I’ve also baked two types of crackers this week: wheat thins, and buttery oat crackers. I like to make crackers that have a rich grain flavour and a slight sweetness so they work with savoury cheeses and dips as well as sweet  jams. Both of these type of crackers fit that profile, but the oatmeal ones I just couldn’t stop eating (but then I had to because I realized that they have to make it to Saturday night)

True to my style, I burned a good number of the wheat thins but most of them turned out alright. They were the first batch I made so I learned my lesson for the oatmeal batch. I really do love these crackers. Did I mention that I couldn’t stop eating them? The oat flavour, the butter, the slight sweetness.

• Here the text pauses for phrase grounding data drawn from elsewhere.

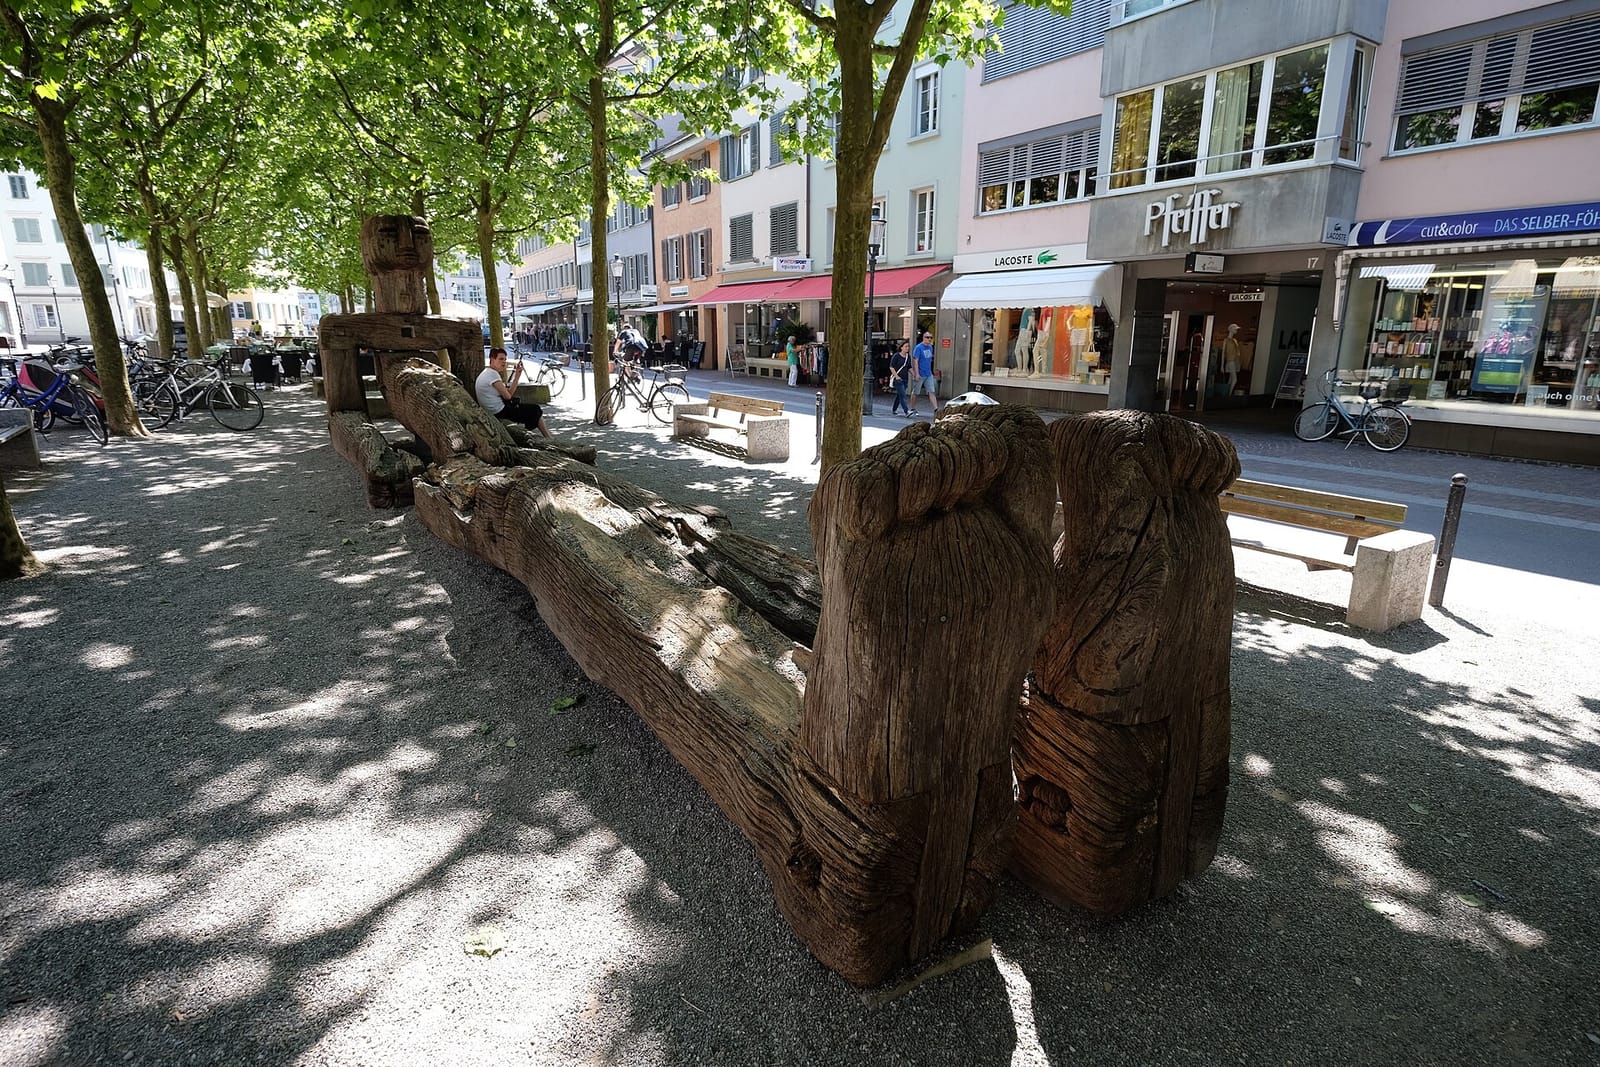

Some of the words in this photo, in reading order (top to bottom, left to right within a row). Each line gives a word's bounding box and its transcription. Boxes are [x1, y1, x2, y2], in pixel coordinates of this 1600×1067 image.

[1144, 188, 1241, 247] Pfeiffer
[1421, 222, 1479, 238] cut&color
[1494, 217, 1519, 233] DAS
[1326, 232, 1347, 241] LACOSTE
[994, 255, 1033, 266] LACOSTE
[1307, 257, 1319, 269] 17
[1565, 393, 1593, 401] ohne

They’re pretty damn awesome if you asked me and really really easy to make.

Oatmeal Butter Crackers

makes about 100 1″ crackers


9 oz. whole wheat flour
9 oz. rolled oats
2 t. baking soda
1 t. sea salt
3 T. granulated sugar
6 oz. cold, salted butter (3/4 c.), cut ino cubes
enough milk to bring it all together (~1 c.)


Preheat the oven to 350F

In a mixer fitted with a paddle attachment stir together the dry ingredients at low speed.

Add the butter cubes and increase the speed of the mixer until you get pea sized clumps, like you’re making a pie dough.

Add in as much milk as necessary to get the dough to come together into a ball without crumbling. If you add too much milk and the dough is sticky, just sprinkle a little more flour on it, no big deal.

On a floured surface, roll out your dough with a rolling pin to about 1/4″ thickness. Cut it into squares or rectangles using a pastry cutter or pizza cutter.

Transfer the crackers to a foil lined baking sheet (or multiple, I needed 3). They can be very close, but try not to let them touch.

Bake for 12-15 minutes or until lightly golden brown. They will not crisp up in the oven, but once you remove them and allow them to cool on a rack they will be nice and crisp.